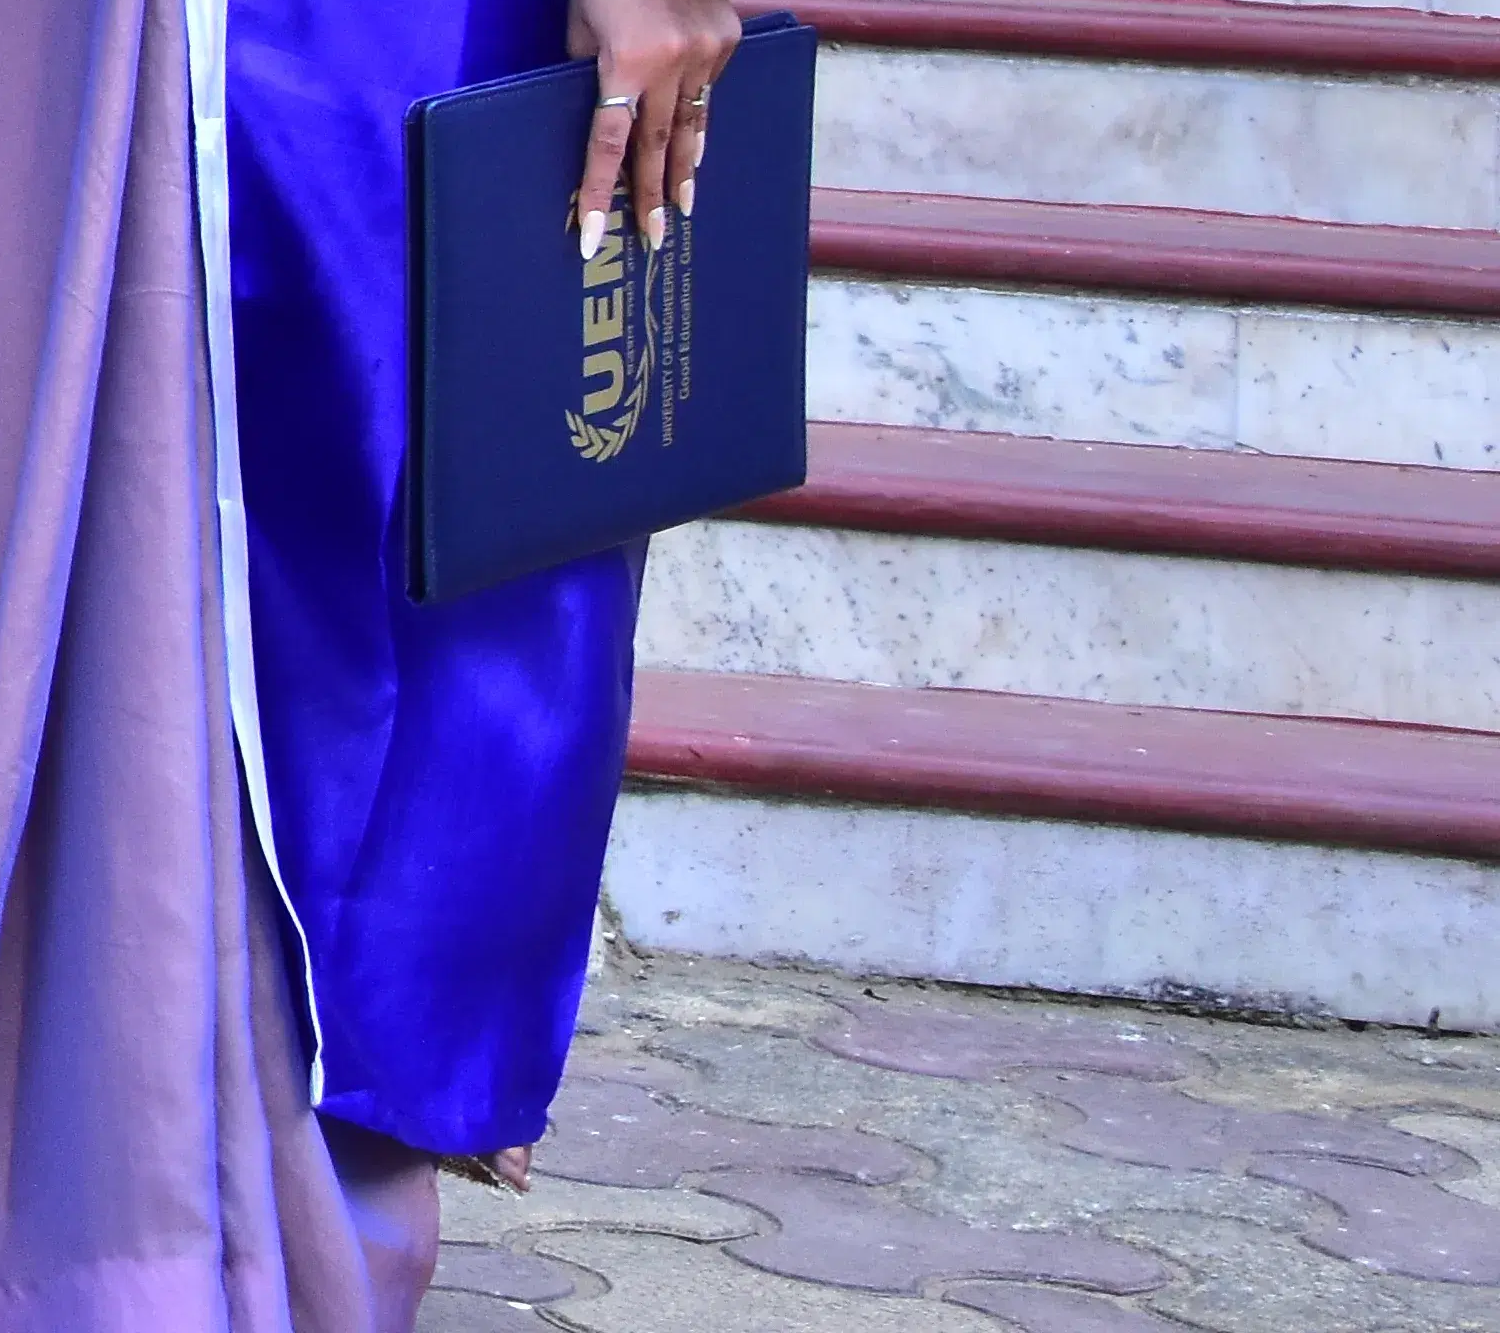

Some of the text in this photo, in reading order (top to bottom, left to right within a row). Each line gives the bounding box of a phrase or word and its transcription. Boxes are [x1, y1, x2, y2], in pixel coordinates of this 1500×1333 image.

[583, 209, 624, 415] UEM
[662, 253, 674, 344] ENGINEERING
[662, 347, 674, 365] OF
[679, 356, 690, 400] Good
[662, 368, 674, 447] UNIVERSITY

========================================================================

All the records above must be retyped exactly, except for their pictures.

Some of the text in this photo, in reading order (top to bottom, left to right within a row). Each line gives the bounding box of a phrase or word and its transcription. Boxes are [x1, y1, x2, y2], in pixel coordinates of this 1500×1333 image.

[583, 209, 624, 415] UEM
[662, 253, 674, 344] ENGINEERING
[662, 347, 674, 365] OF
[679, 356, 690, 400] Good
[662, 368, 674, 447] UNIVERSITY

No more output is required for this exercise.